Not My Uncool Car,
But An Uncool Reasonable Facsimile Thereof
It was dead and gone all right, My Uncool Car.
Victim of a traffic accident, it sat there inert, its right front hood and side smashed in as if hit by a giant meteor, its right front headlight so demolished the car looked like it was winking at me.
Which was somewhat disquieting, because no one has winked at me in this century. My hope had been that when I'd finally be winked it, it would be by other than My Uncool Car.
My Uncool Car would never have been considered to be hip even when I bought it, but it at least possessed a well-earned sense of respectability. Over the ten years or so that we were together, however, it had made the gradual but inevitable descent from credible but boring to the vehicular status of lime-green leisure suit.

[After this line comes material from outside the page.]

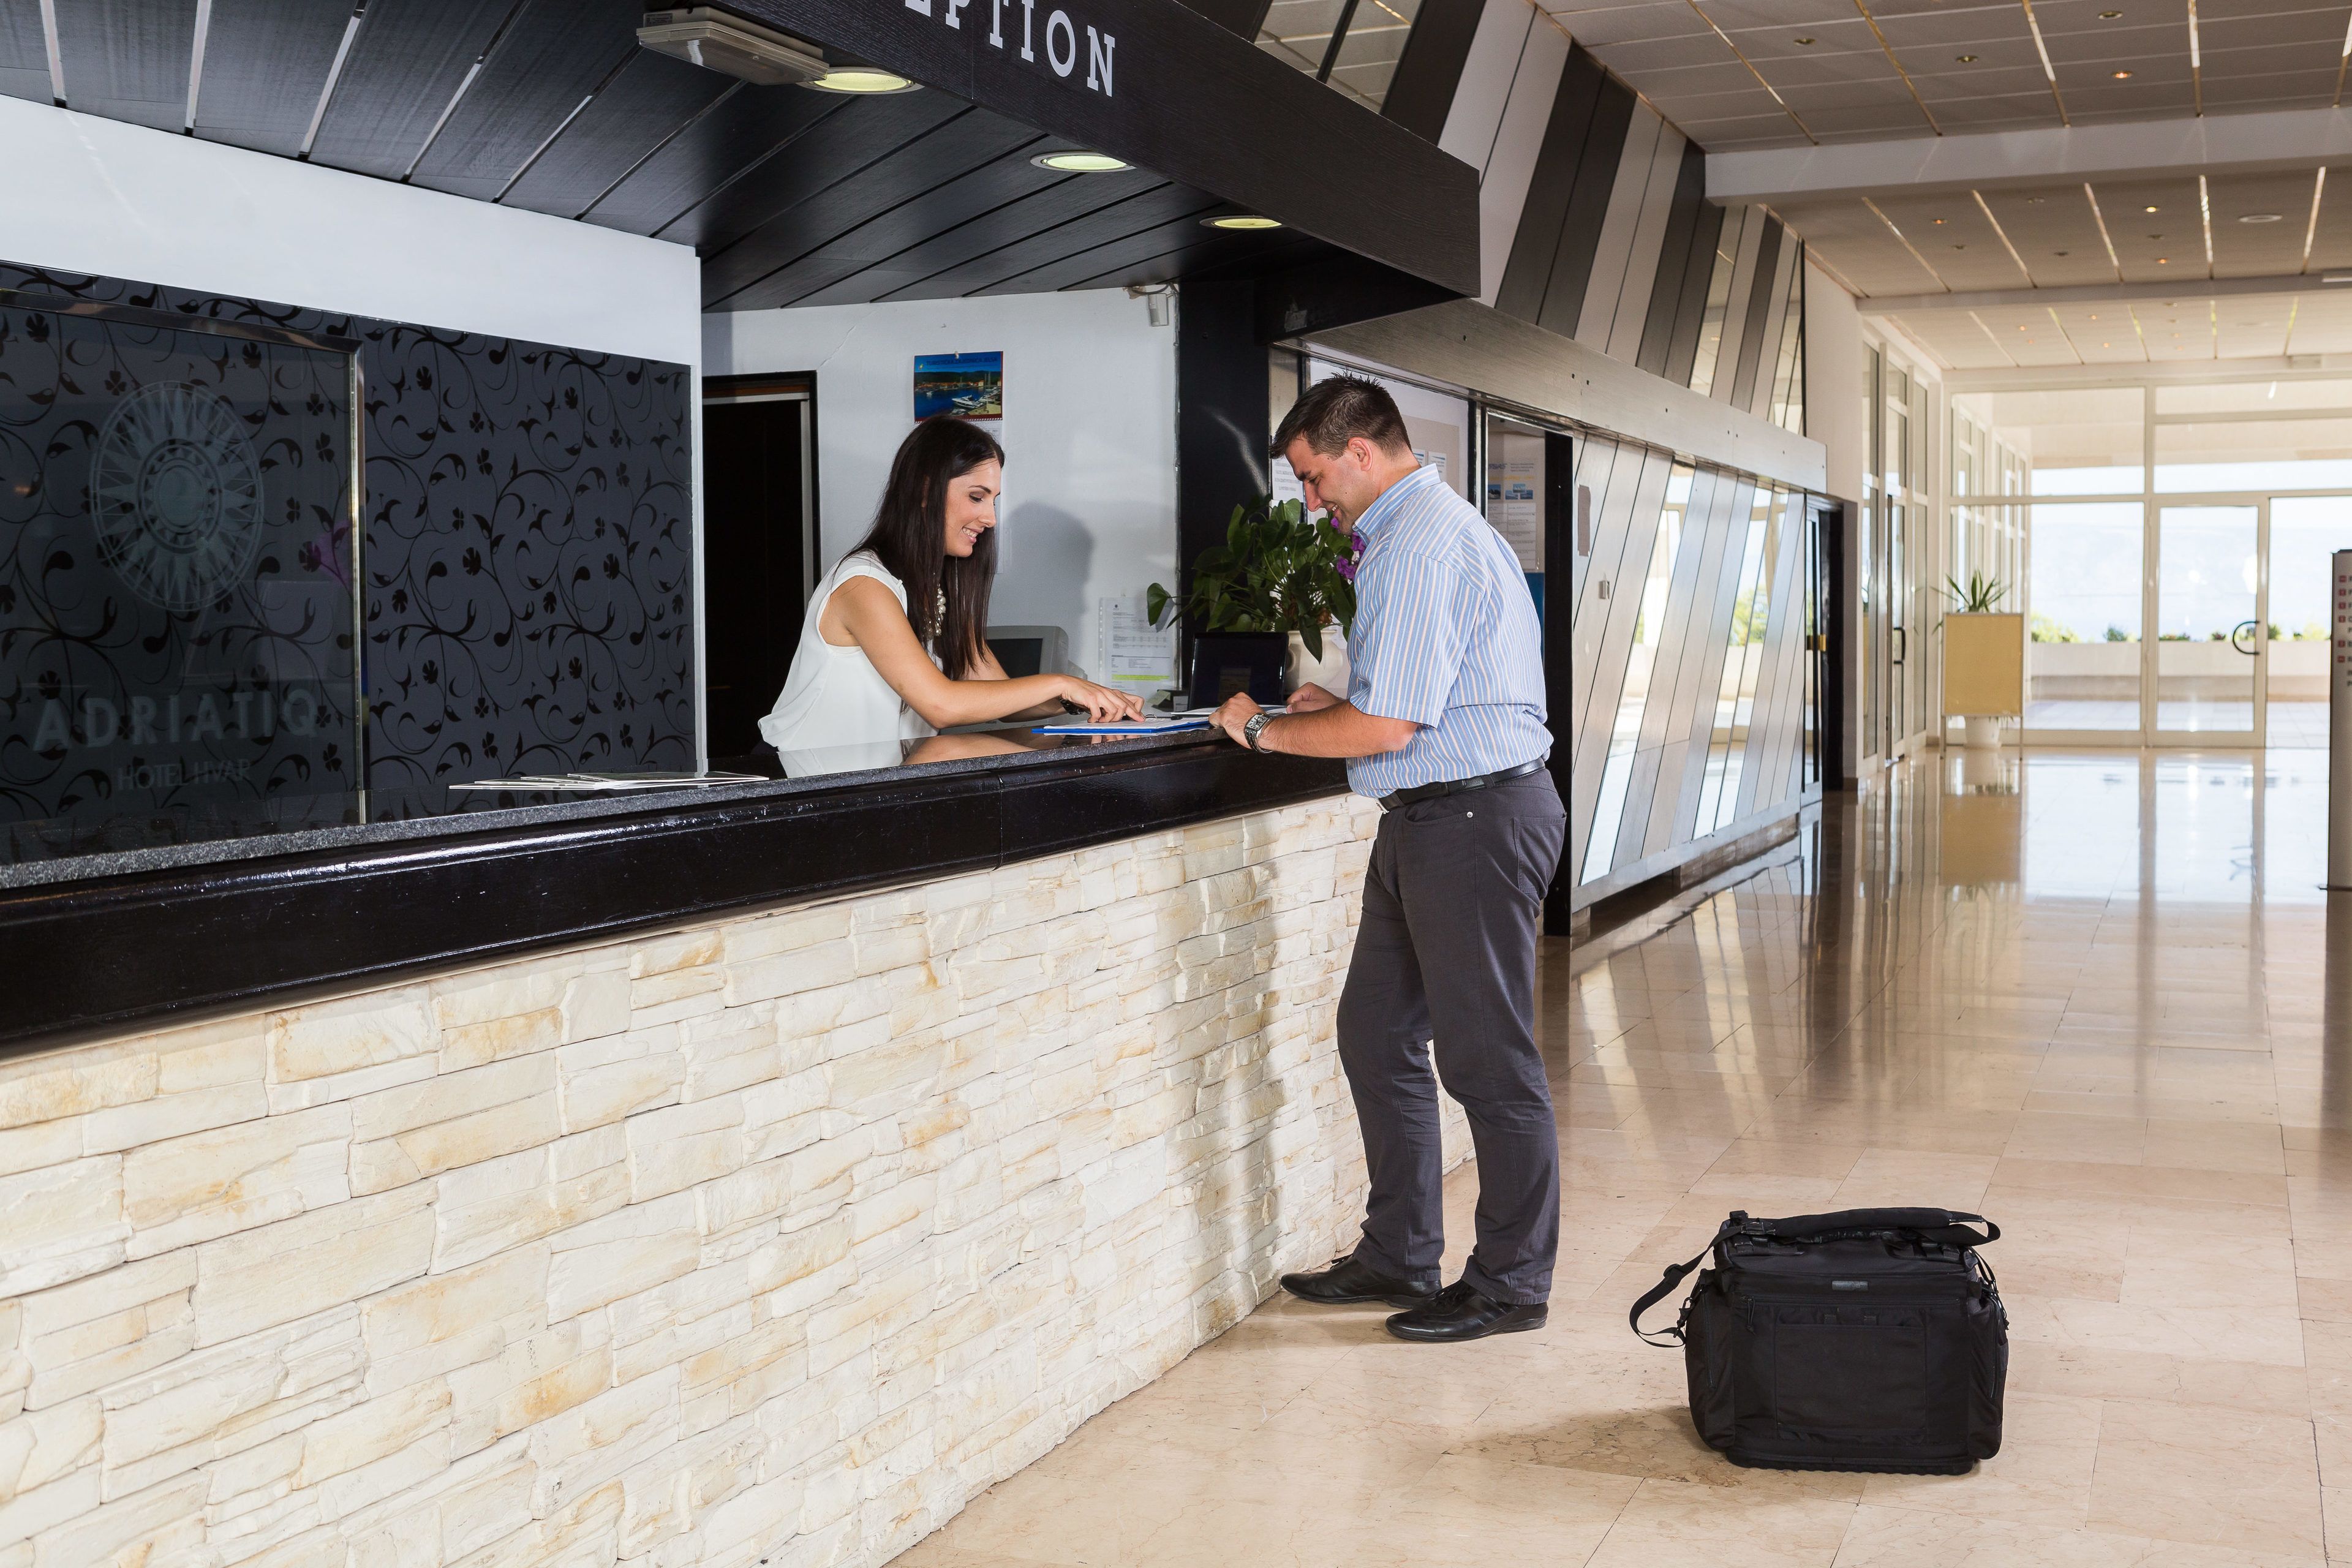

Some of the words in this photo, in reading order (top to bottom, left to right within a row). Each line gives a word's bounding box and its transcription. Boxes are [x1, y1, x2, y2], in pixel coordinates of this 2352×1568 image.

[905, 0, 1115, 97] TION
[32, 689, 318, 751] ADRIATIQ
[118, 764, 189, 791] HOTEL

Except, of course, it wasn't lime-green.
You've seen My Uncool Car many times, I'm quite certain. It was a 2001 Toyota Camry LE in that pale coffee color that was quite popular back in that day. Nowadays it is driven mostly by:
1) Eighty-five plus year old men and women, often wearing hats
2) Exasperated women with a car full of small children, all of whom are unruly, and
3) Me
We drivers of these uncool cars hang on to them because they are reliable and if properly maintained can be driven to neighboring star systems and back. And we drivers of these uncool cars tend not to fix body damage to them because it seems foolish to spend money on aesthetics for a car most folks view as omnipresent representatives of the precise and insightful dictionary definition of the very word "LAME-O" itself.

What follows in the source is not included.